What the response needs is every record, repeated verbatim, and no images.

Available data below:

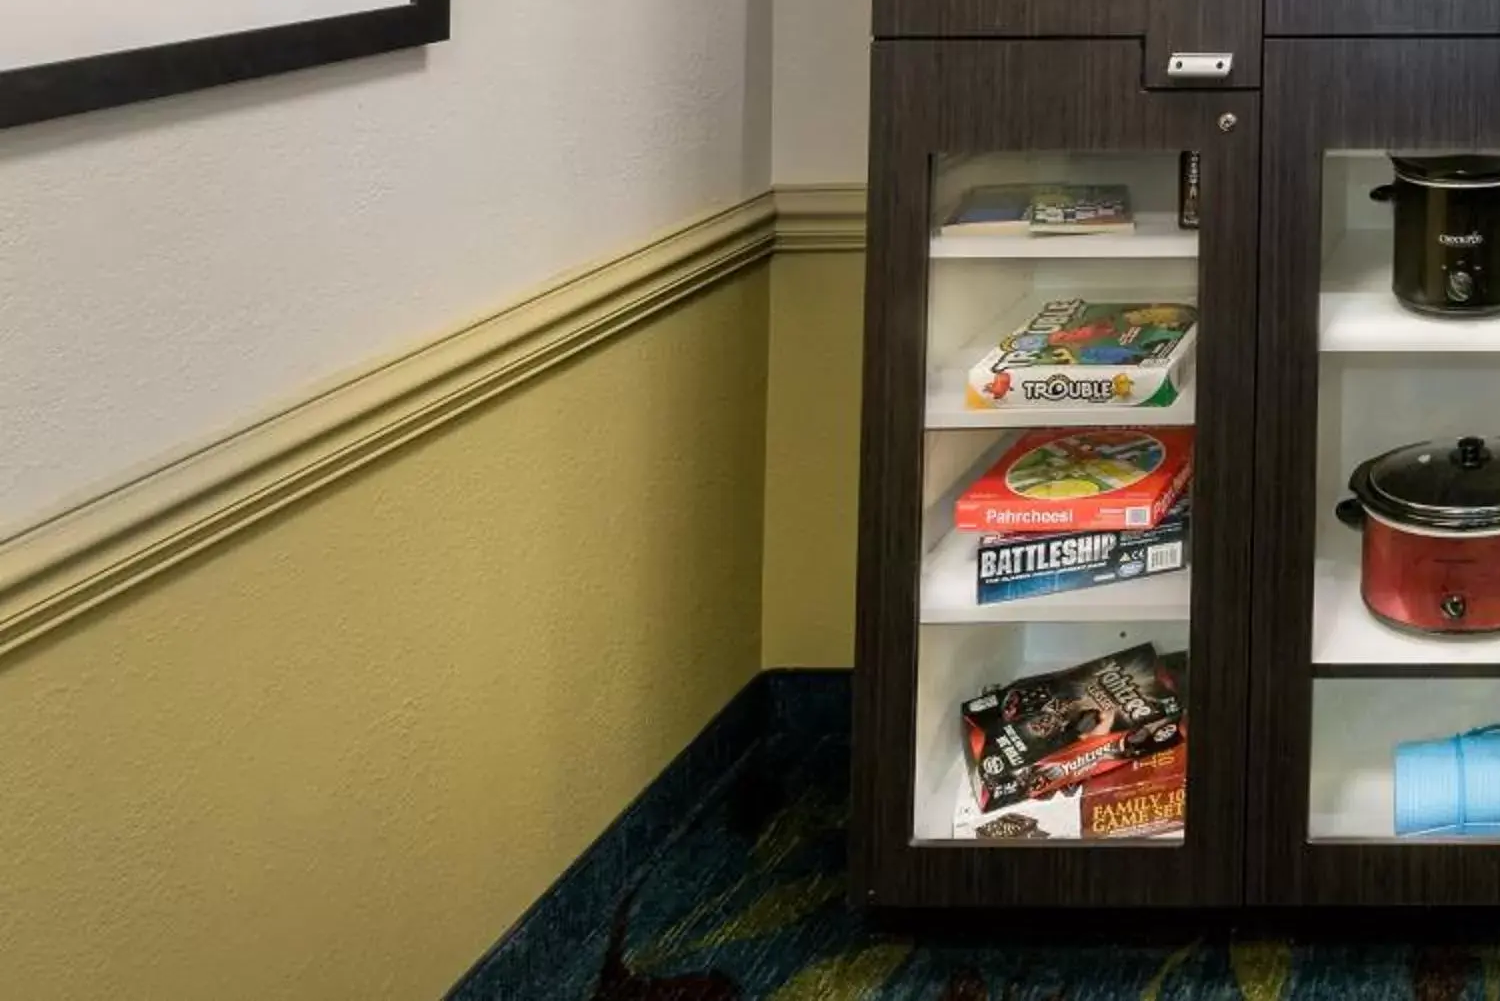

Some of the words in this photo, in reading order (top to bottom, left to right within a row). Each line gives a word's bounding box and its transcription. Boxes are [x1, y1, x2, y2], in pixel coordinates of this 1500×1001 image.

[1021, 375, 1114, 401] TROUBLE
[979, 533, 1118, 579] BATTLESHIP
[1092, 792, 1164, 820] FAMILY
[1092, 809, 1150, 833] GAME
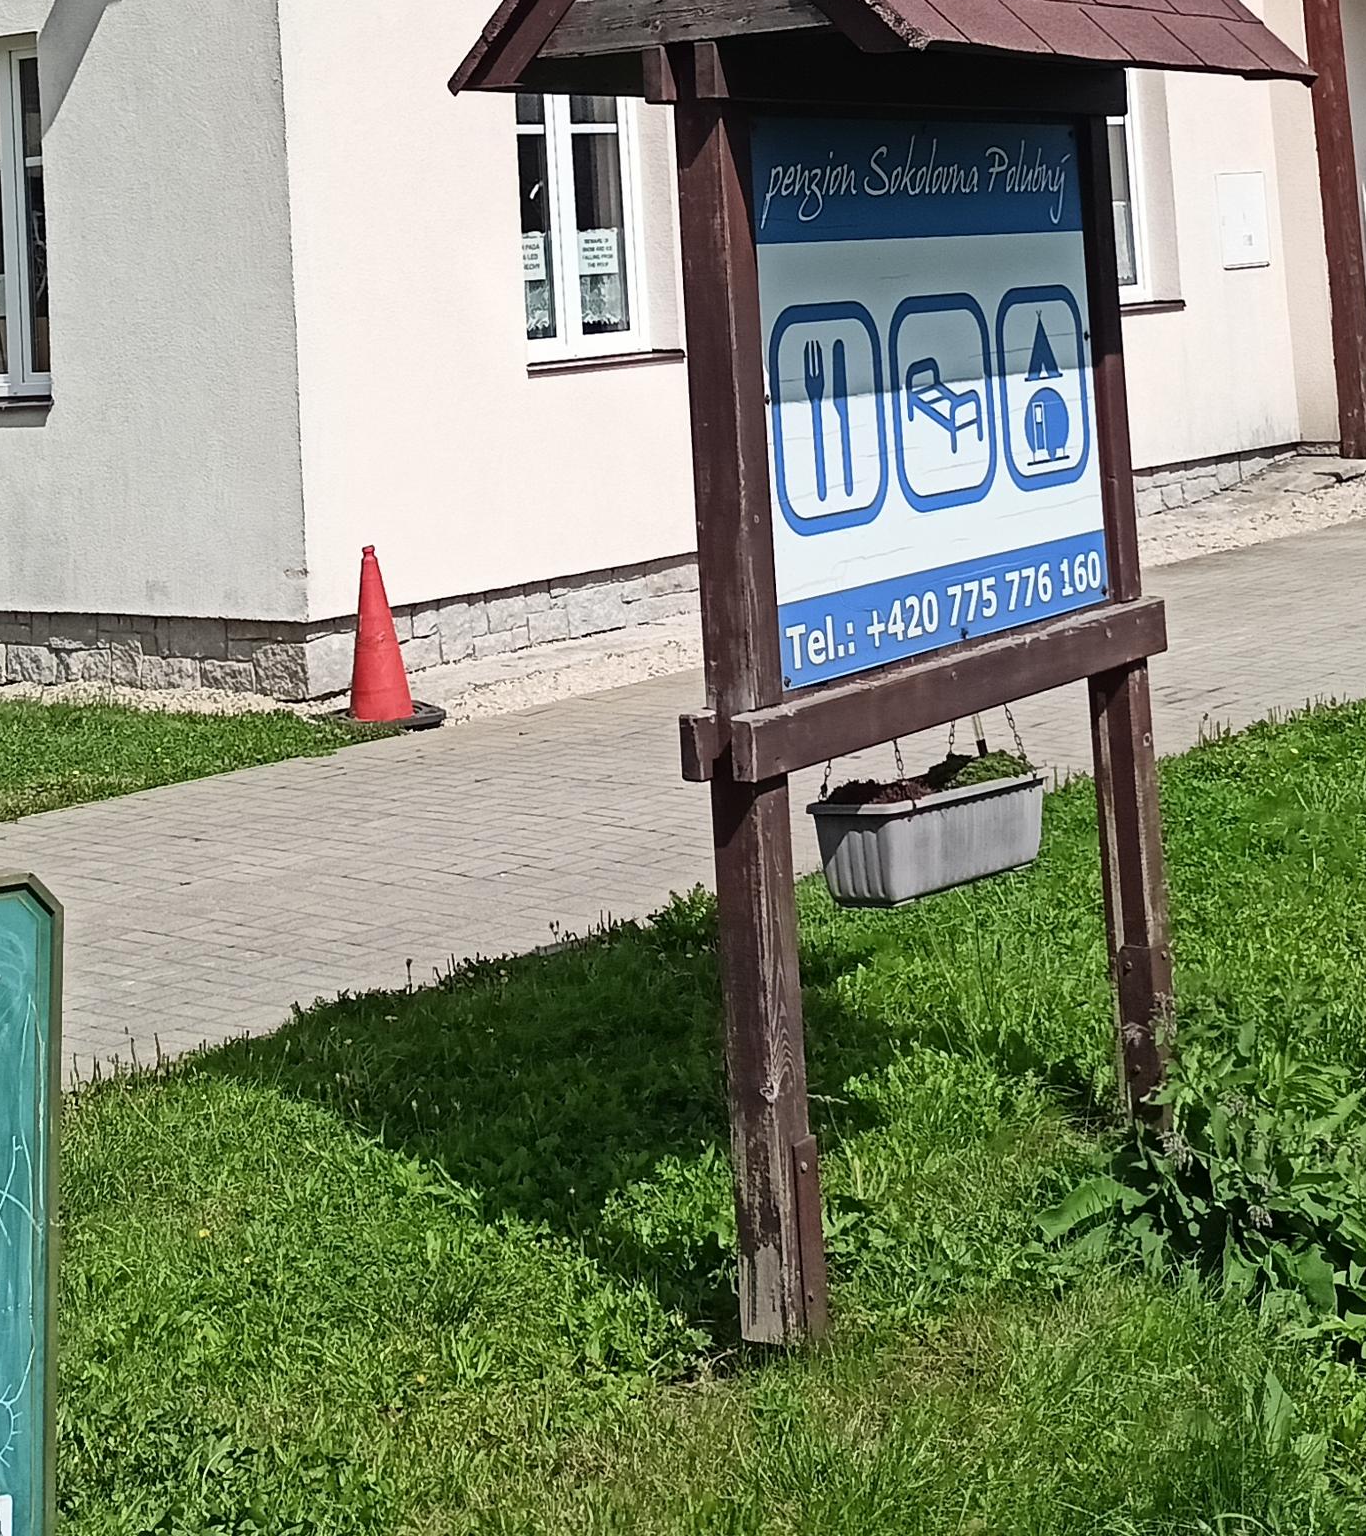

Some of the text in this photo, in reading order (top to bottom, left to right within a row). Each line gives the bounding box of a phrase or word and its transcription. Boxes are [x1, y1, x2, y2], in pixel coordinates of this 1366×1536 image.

[760, 134, 1072, 230] penzion Sokolovna Polubný
[785, 550, 1102, 671] Tel.: +420 775 776 160
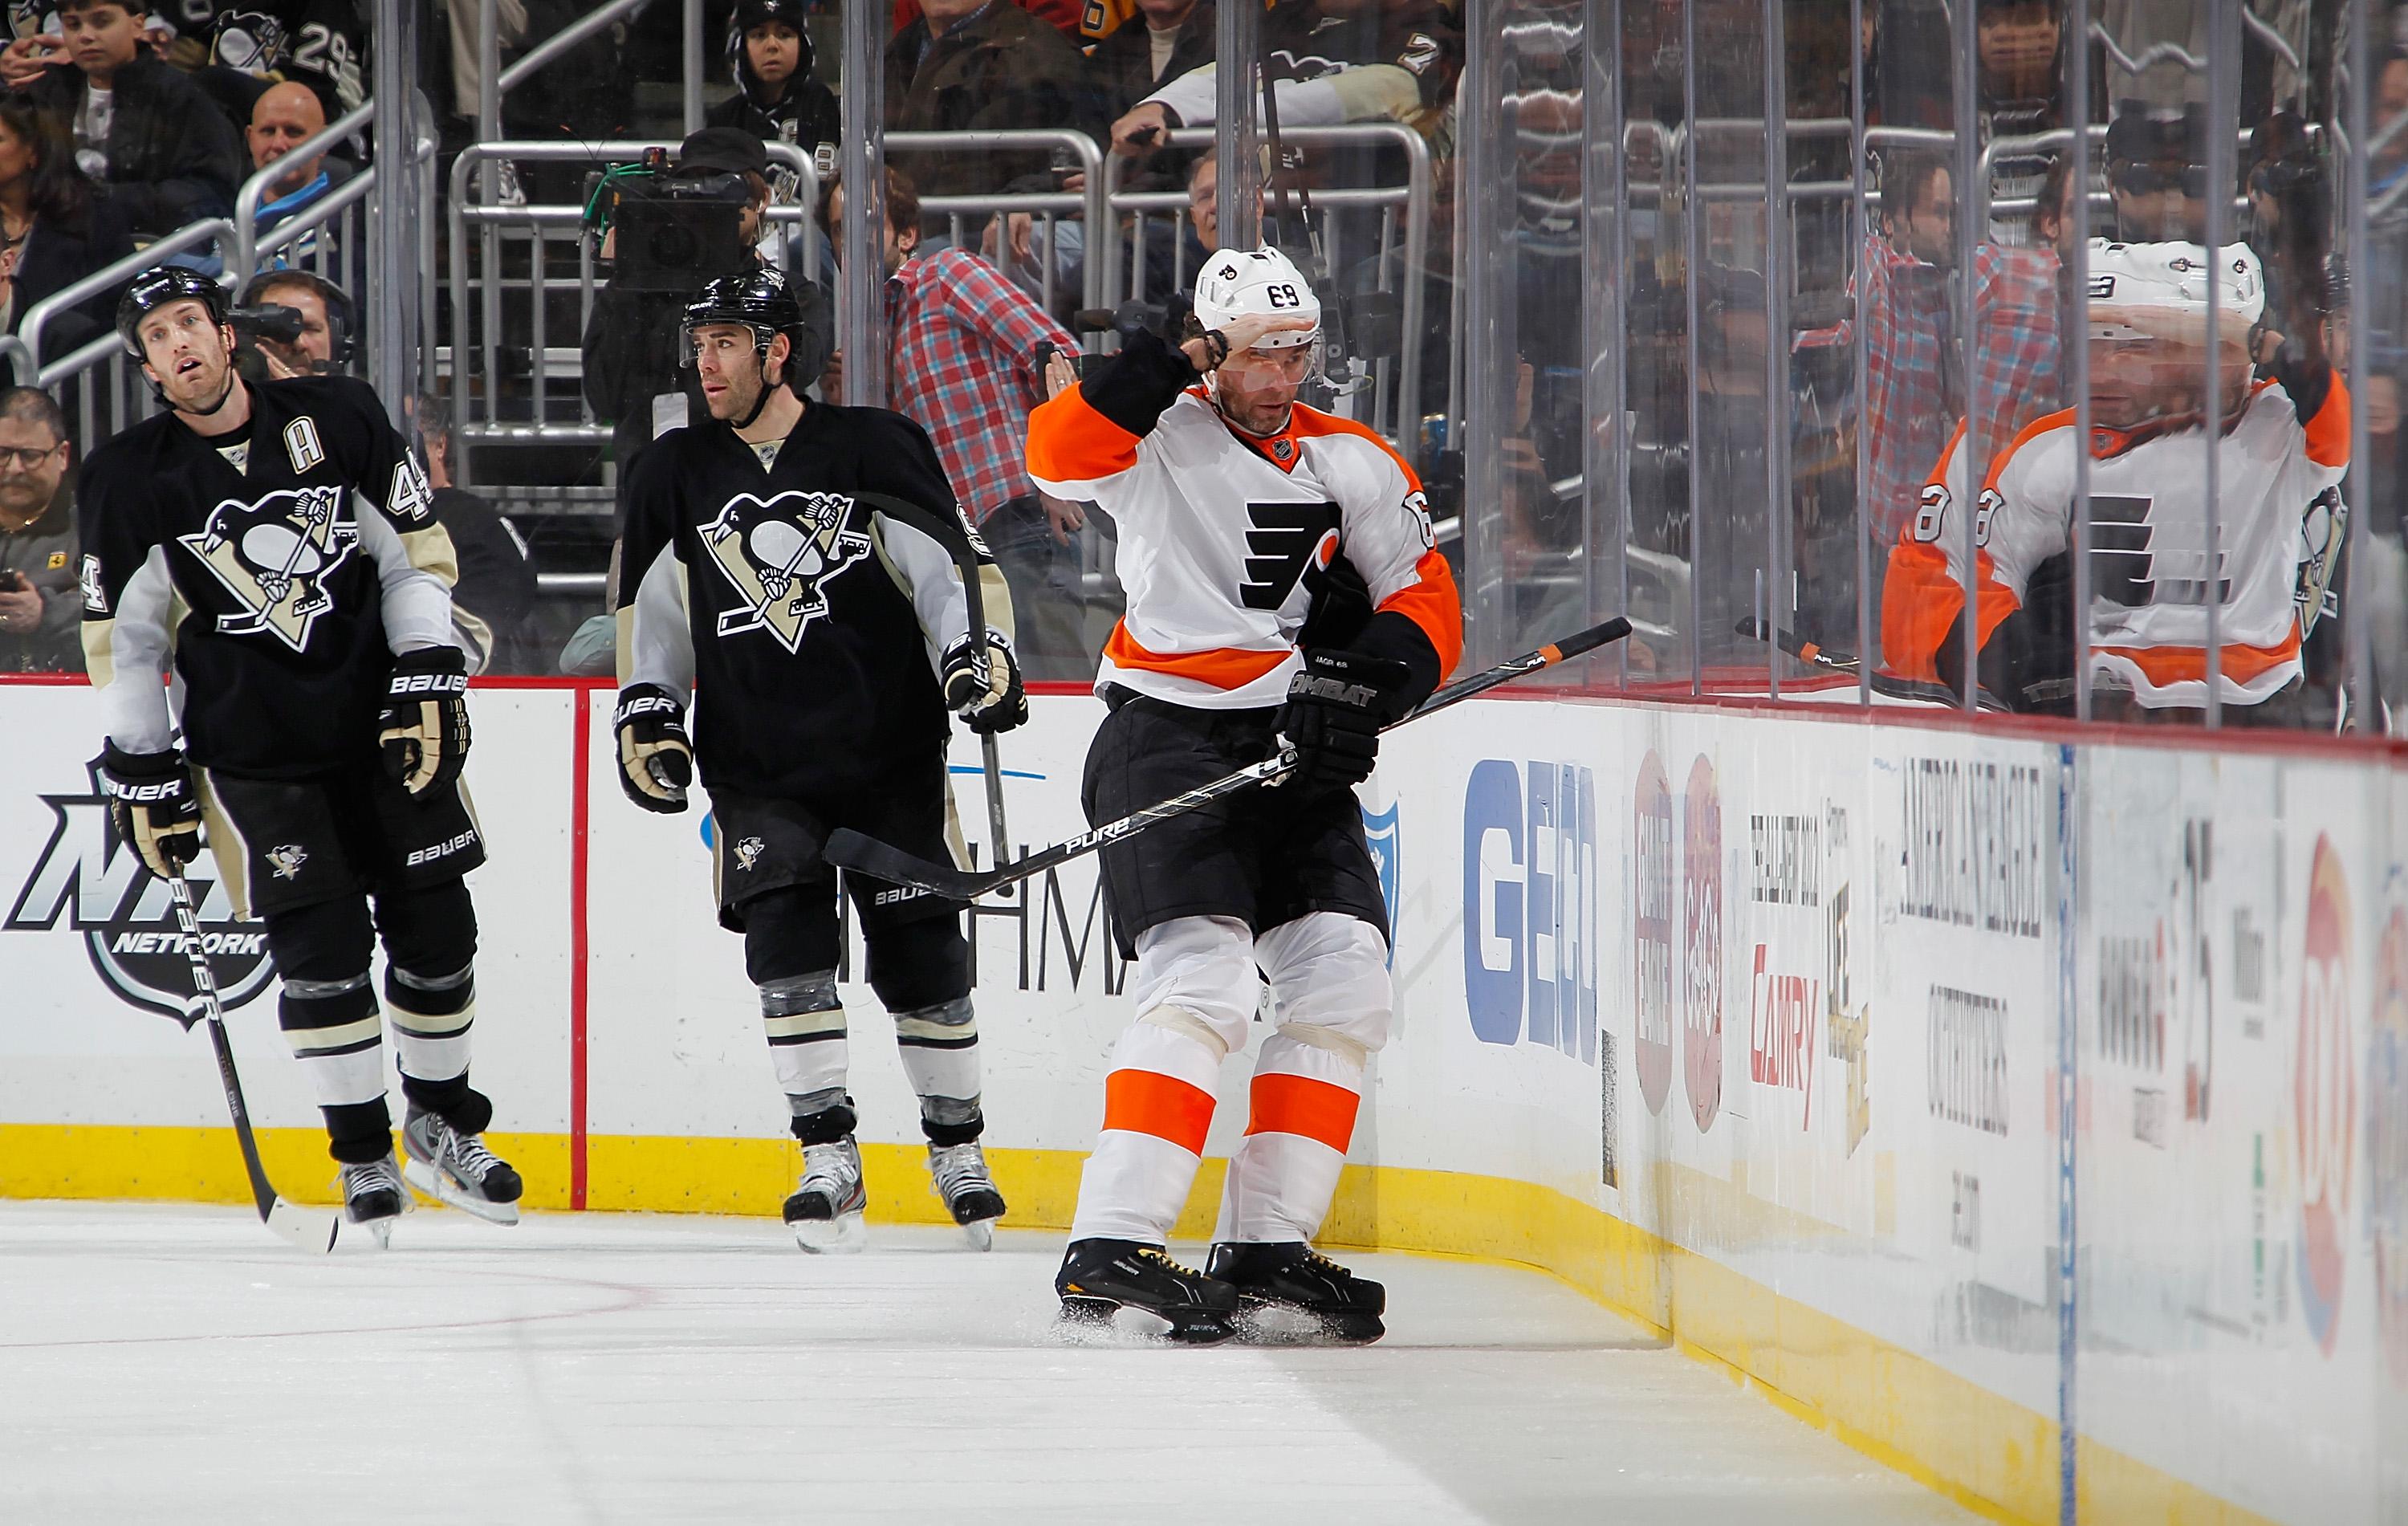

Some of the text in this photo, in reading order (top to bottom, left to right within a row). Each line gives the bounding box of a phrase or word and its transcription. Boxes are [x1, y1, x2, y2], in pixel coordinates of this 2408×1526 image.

[284, 416, 325, 474] A
[1527, 655, 1546, 668] PUR
[1289, 674, 1377, 707] OMBAT
[406, 829, 475, 866] BAUER
[1638, 812, 1670, 922] GIANT
[1462, 759, 1597, 1068] GEICO
[111, 932, 270, 955] NETWORK

End of Available data.

> **Written response**:
Some of the words in this photo, in reading order (top to bottom, left to right within a row). Each line gives a word's bounding box and its transcription. Boxes are [x1, y1, x2, y2], in pixel coordinates of this 1500×1001 image.

[1021, 375, 1114, 401] TROUBLE
[979, 533, 1118, 579] BATTLESHIP
[1092, 792, 1164, 820] FAMILY
[1092, 809, 1150, 833] GAME

Some of the text in this photo, in reading order (top to bottom, left to right within a row). Each line gives the bounding box of a phrase or word and its transcription. Boxes are [x1, y1, x2, y2], in pixel coordinates of this 1366×1536 image.

[760, 134, 1072, 230] penzion Sokolovna Polubný
[785, 550, 1102, 671] Tel.: +420 775 776 160

Some of the text in this photo, in reading order (top to bottom, left to right within a row). Each line gives the bounding box of a phrase or word and its transcription. Boxes are [x1, y1, x2, y2], in pixel coordinates of this 2408×1526 image.

[284, 416, 325, 474] A
[1527, 655, 1546, 668] PUR
[1289, 674, 1377, 707] OMBAT
[406, 829, 475, 866] BAUER
[1638, 812, 1670, 922] GIANT
[1462, 759, 1597, 1068] GEICO
[111, 932, 270, 955] NETWORK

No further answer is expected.